I would like every record reproduced exactly, with the pictures left out.

____

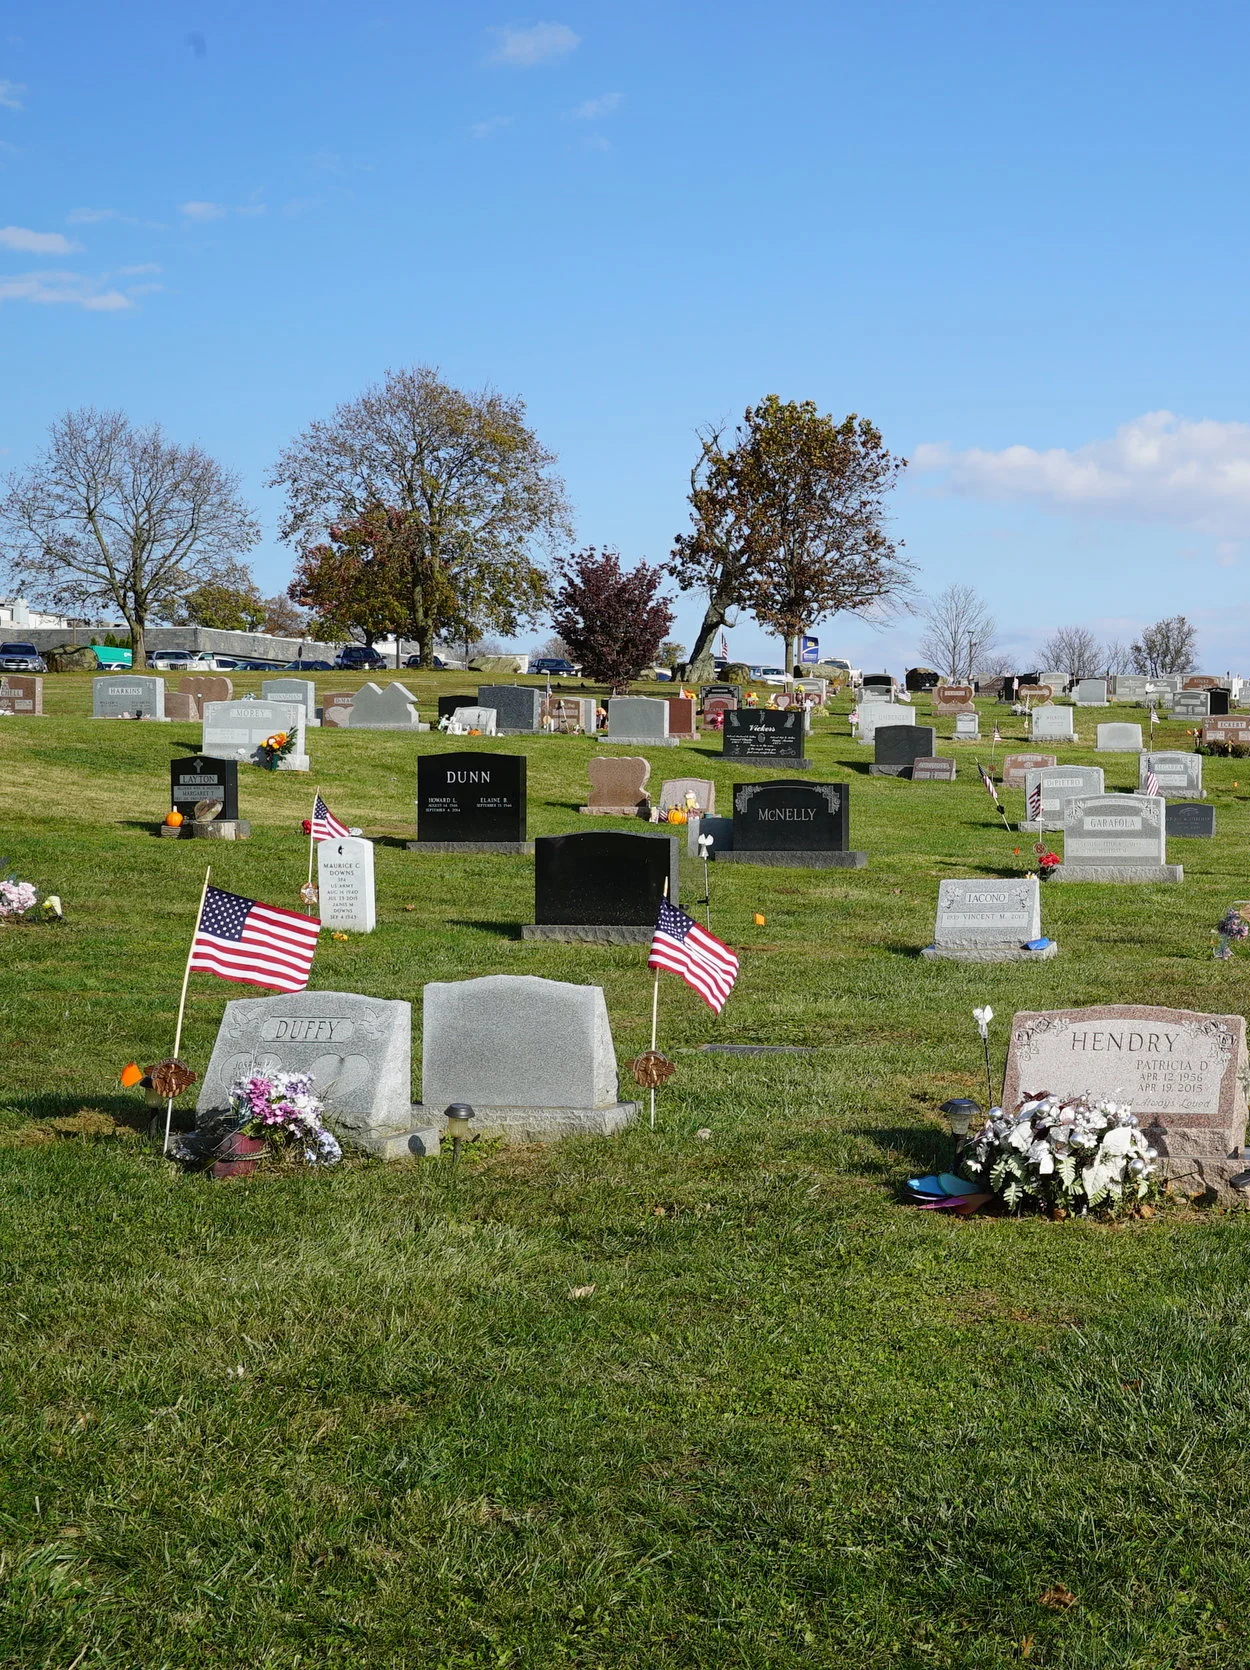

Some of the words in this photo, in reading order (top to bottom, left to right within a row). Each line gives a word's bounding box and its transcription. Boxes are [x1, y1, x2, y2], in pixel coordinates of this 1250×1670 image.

[110, 688, 141, 696] HARKINS
[236, 708, 265, 718] MOREY
[749, 723, 776, 732] Vickers
[1220, 721, 1244, 729] ECKERT
[182, 775, 215, 784] LAYTON
[446, 771, 490, 784] DUNN
[758, 808, 817, 821] McNELLY
[1090, 818, 1135, 828] GARAFOLA
[967, 893, 1006, 903] IACONO
[275, 1020, 341, 1040] DUFFY
[1071, 1031, 1180, 1052] HENDRY
[1136, 1059, 1192, 1071] PATRICIA
[1199, 1060, 1209, 1071] D
[1179, 1072, 1203, 1082] 1956
[1177, 1083, 1203, 1093] 2015
[1135, 1098, 1175, 1110] Always
[1179, 1099, 1211, 1109] Loved

____

### ANSWER FOR THE TASK
Some of the words in this photo, in reading order (top to bottom, left to right within a row). Each line gives a word's bounding box and its transcription. Boxes are [x1, y1, x2, y2], in pixel coordinates of this 1250×1670 image.

[110, 688, 141, 696] HARKINS
[236, 708, 265, 718] MOREY
[749, 723, 776, 732] Vickers
[1220, 721, 1244, 729] ECKERT
[182, 775, 215, 784] LAYTON
[446, 771, 490, 784] DUNN
[758, 808, 817, 821] McNELLY
[1090, 818, 1135, 828] GARAFOLA
[967, 893, 1006, 903] IACONO
[275, 1020, 341, 1040] DUFFY
[1071, 1031, 1180, 1052] HENDRY
[1136, 1059, 1192, 1071] PATRICIA
[1199, 1060, 1209, 1071] D
[1179, 1072, 1203, 1082] 1956
[1177, 1083, 1203, 1093] 2015
[1135, 1098, 1175, 1110] Always
[1179, 1099, 1211, 1109] Loved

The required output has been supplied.